_TO DO:_ A faithful copy of all the entries is required, with no pictures in it.

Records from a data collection

┄┄┄┄┄┄

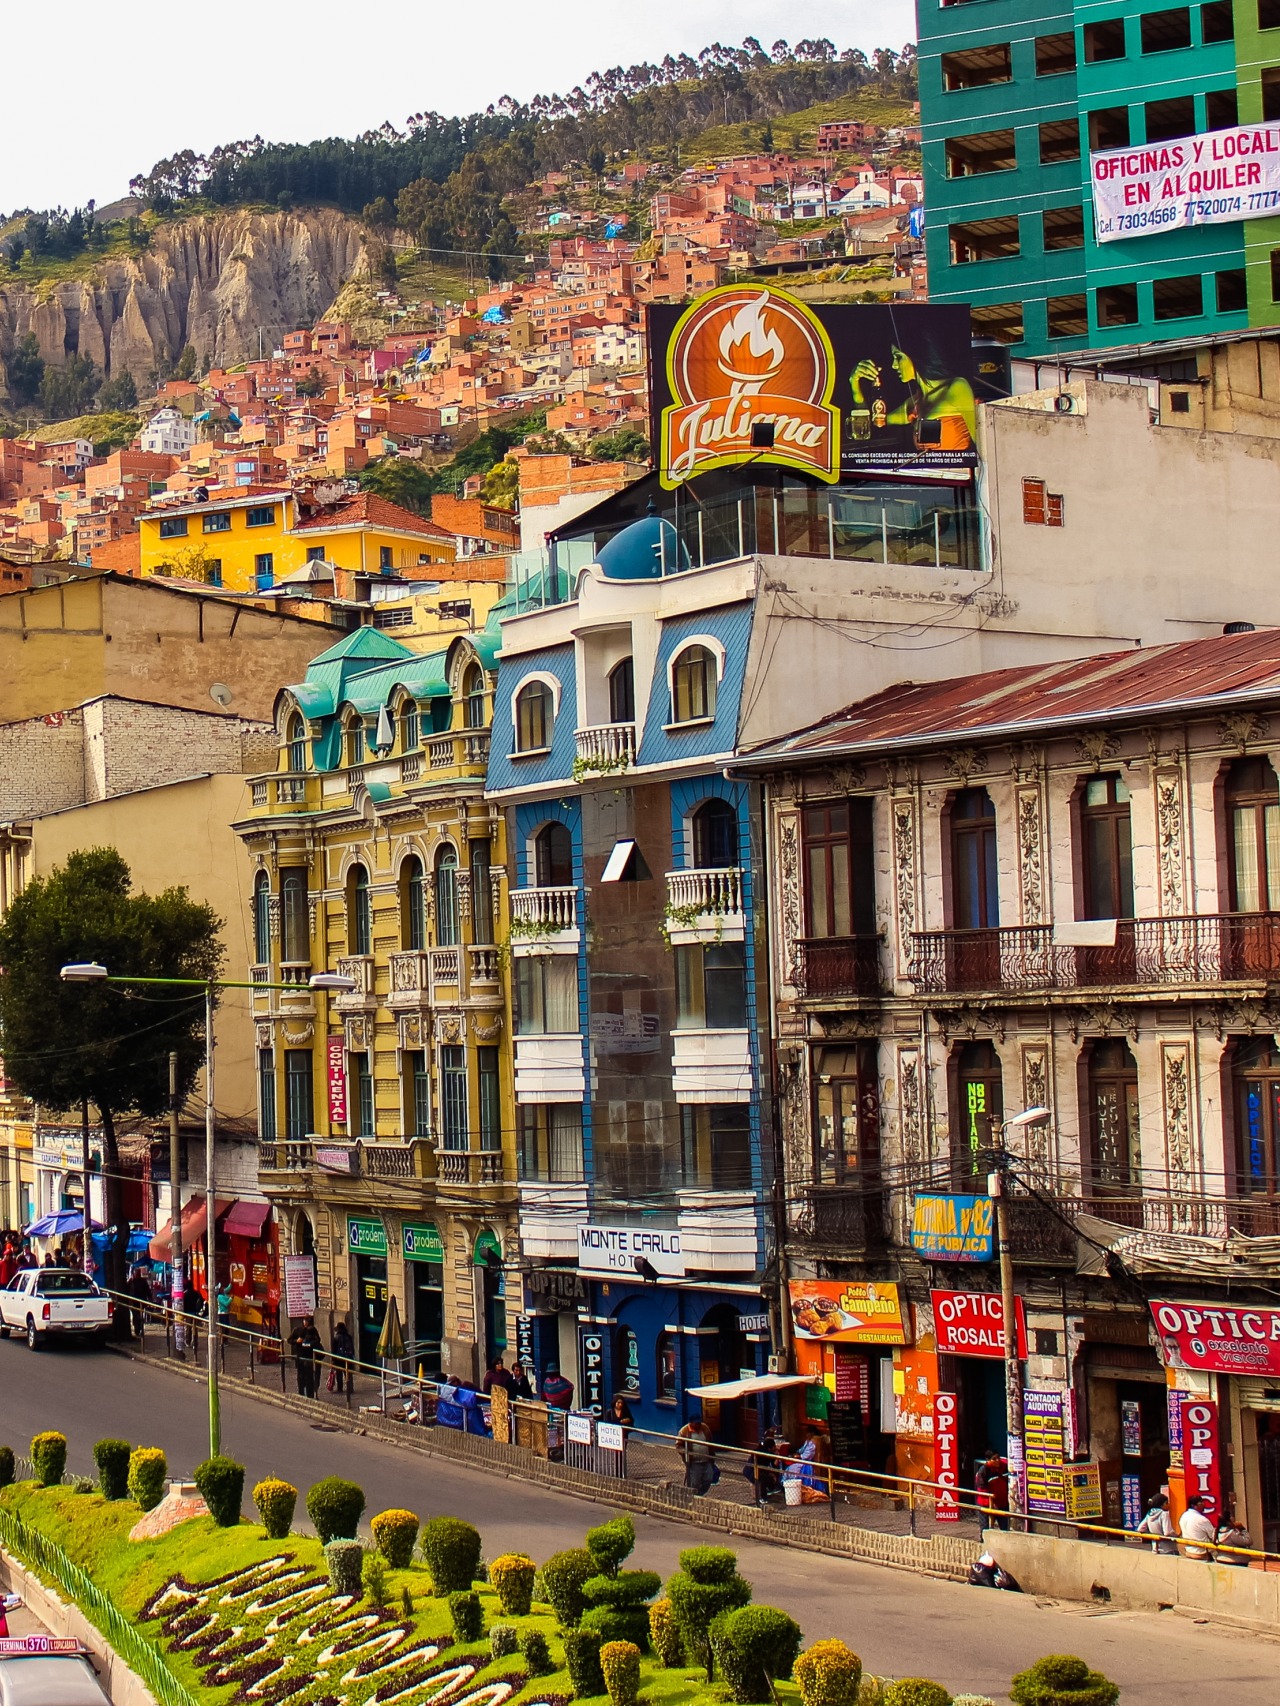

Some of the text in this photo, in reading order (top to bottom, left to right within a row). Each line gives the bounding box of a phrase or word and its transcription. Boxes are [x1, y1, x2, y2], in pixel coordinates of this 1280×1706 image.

[1095, 128, 1280, 181] OFICINAS Y LOCAL
[1124, 162, 1261, 207] EN ALQUILER
[1099, 219, 1115, 234] Cel.
[329, 1045, 344, 1121] CONTINENTAL
[581, 1229, 681, 1254] MONTE CARLO
[913, 1235, 925, 1249] DE
[608, 1253, 648, 1268] HOT
[531, 1272, 585, 1298] OPTICA
[840, 1294, 896, 1317] Campeño
[939, 1294, 1005, 1322] OPTIC
[740, 1315, 771, 1331] HOTEL
[518, 1316, 532, 1362] OPTICA
[858, 1333, 902, 1343] RESTAURANTE
[947, 1326, 1006, 1348] ROSALE
[1207, 1339, 1269, 1355] excelente
[585, 1337, 603, 1417] OPTIC
[1023, 1392, 1061, 1404] CONTADOR
[1027, 1402, 1058, 1413] AUDITOR
[1169, 1392, 1180, 1445] NOTARIA
[600, 1426, 620, 1437] HOTEL
[600, 1436, 620, 1446] CARLO
[936, 1395, 956, 1508] OPTICA
[1188, 1405, 1216, 1514] OPIC
[1122, 1477, 1134, 1529] NOTARIA
[1132, 1484, 1141, 1528] PUBLIC
[0, 1641, 26, 1651] TERMINAL
[28, 1638, 48, 1651] 370
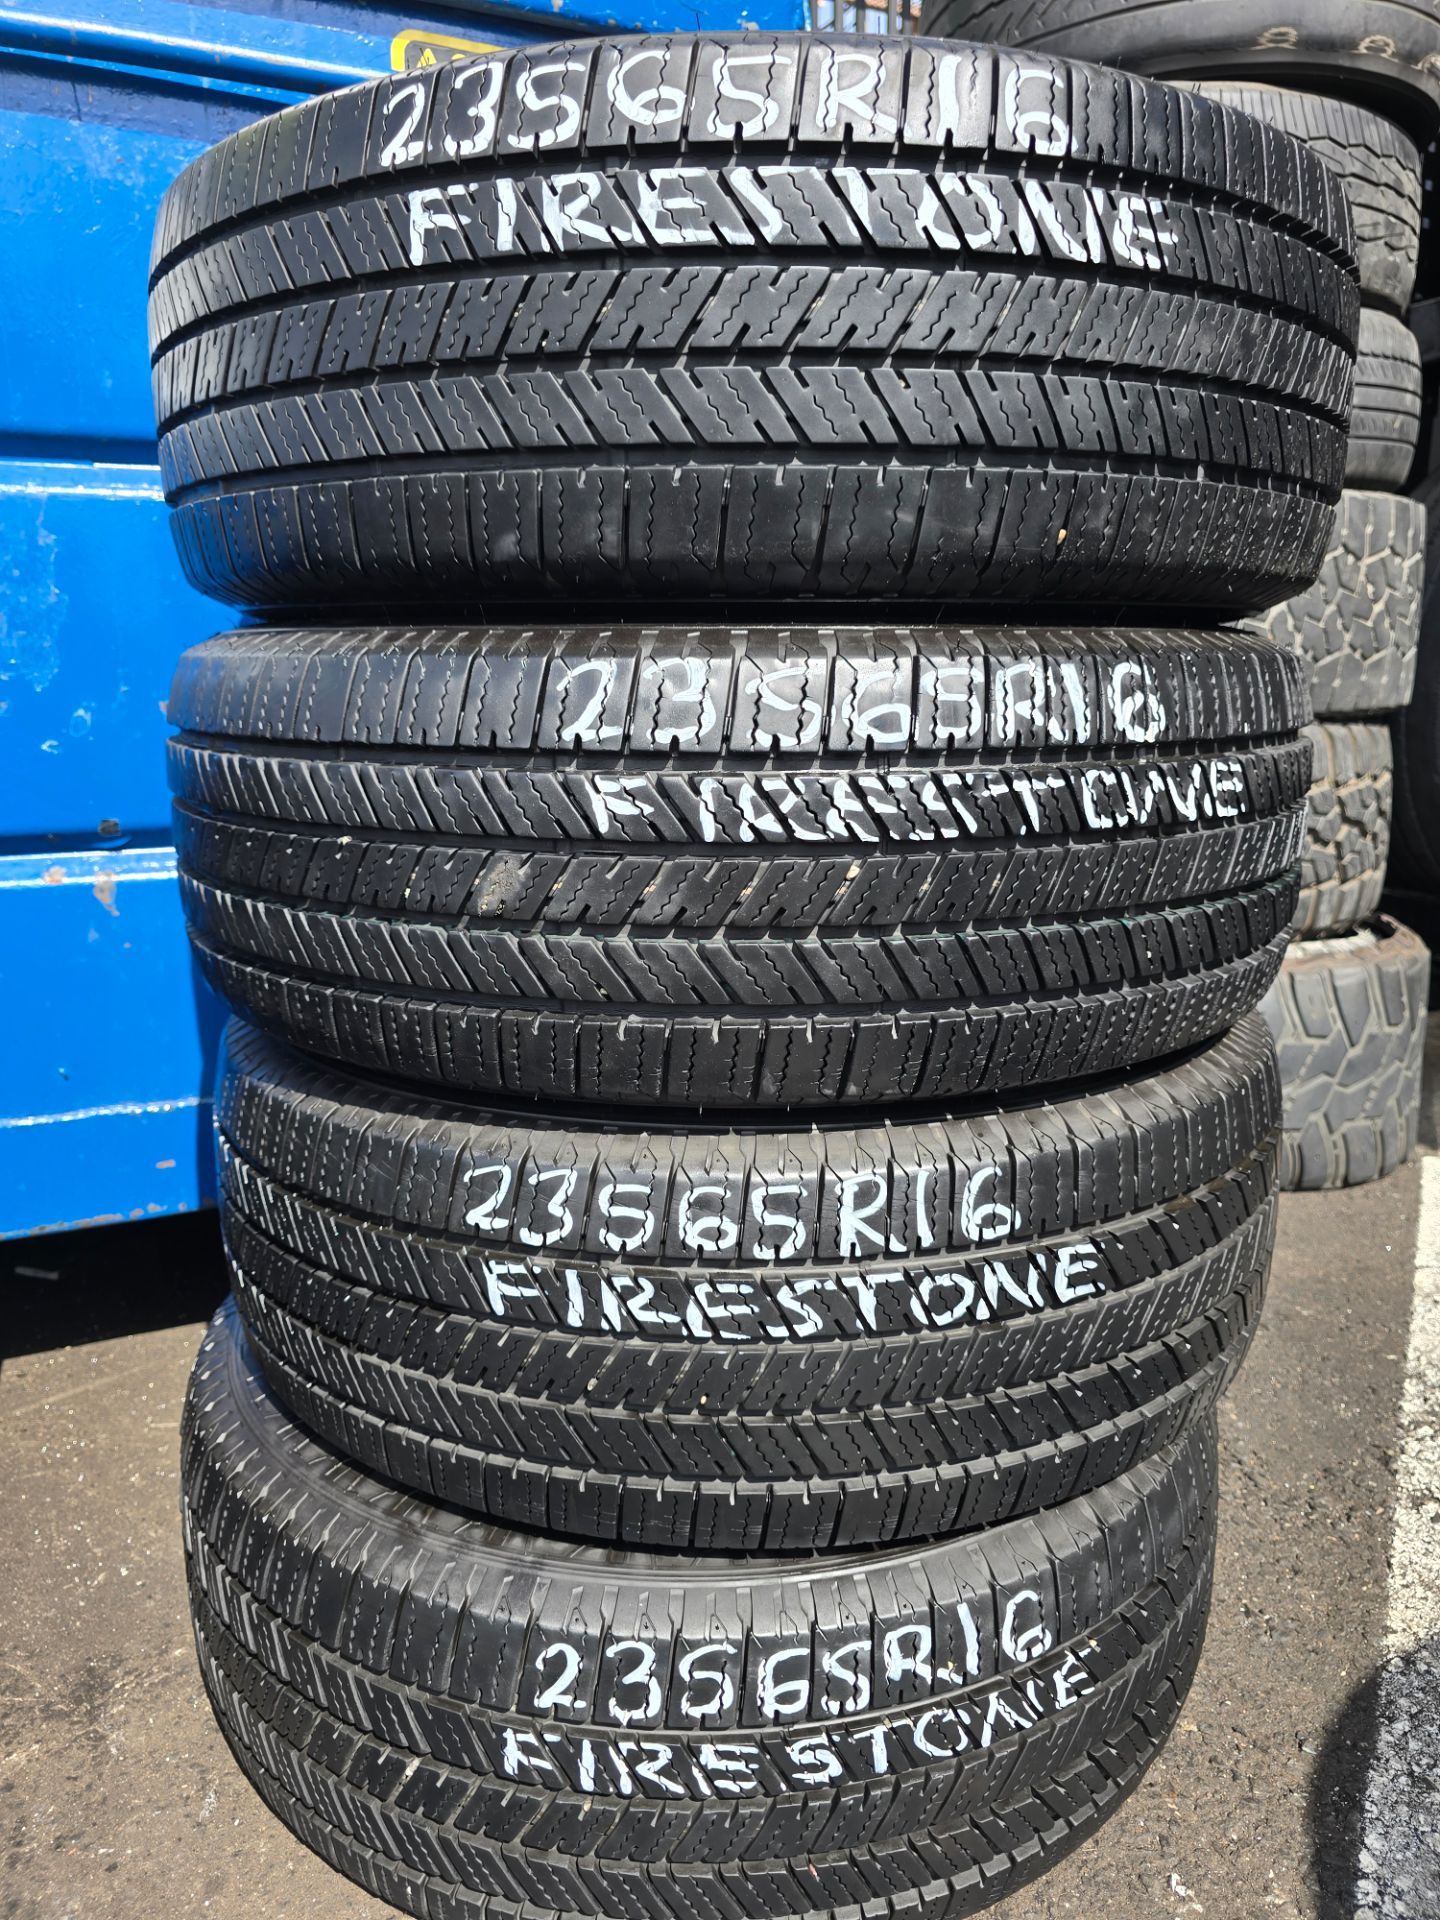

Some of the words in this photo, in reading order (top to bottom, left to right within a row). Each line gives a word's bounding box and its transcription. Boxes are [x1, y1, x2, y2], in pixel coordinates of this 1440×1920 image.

┄┄┄┄┄┄

_RESPONSE FOR THIS EXERCISE:_
Some of the text in this photo, in reading order (top to bottom, left to right within a row). Each line gives the bounding box of a phrase or word and its transcription. Boxes are [x1, y1, x2, y2], in pixel coordinates of this 1280×1706 image.

[1095, 128, 1280, 181] OFICINAS Y LOCAL
[1124, 162, 1261, 207] EN ALQUILER
[1099, 219, 1115, 234] Cel.
[329, 1045, 344, 1121] CONTINENTAL
[581, 1229, 681, 1254] MONTE CARLO
[913, 1235, 925, 1249] DE
[608, 1253, 648, 1268] HOT
[531, 1272, 585, 1298] OPTICA
[840, 1294, 896, 1317] Campeño
[939, 1294, 1005, 1322] OPTIC
[740, 1315, 771, 1331] HOTEL
[518, 1316, 532, 1362] OPTICA
[858, 1333, 902, 1343] RESTAURANTE
[947, 1326, 1006, 1348] ROSALE
[1207, 1339, 1269, 1355] excelente
[585, 1337, 603, 1417] OPTIC
[1023, 1392, 1061, 1404] CONTADOR
[1027, 1402, 1058, 1413] AUDITOR
[1169, 1392, 1180, 1445] NOTARIA
[600, 1426, 620, 1437] HOTEL
[600, 1436, 620, 1446] CARLO
[936, 1395, 956, 1508] OPTICA
[1188, 1405, 1216, 1514] OPIC
[1122, 1477, 1134, 1529] NOTARIA
[1132, 1484, 1141, 1528] PUBLIC
[0, 1641, 26, 1651] TERMINAL
[28, 1638, 48, 1651] 370

Some of the words in this photo, in reading order (top to bottom, left to right within a row). Each line gives a word's bounding box and its transcription. Boxes are [x1, y1, x2, y2], in pixel coordinates of this 1440×1920 image.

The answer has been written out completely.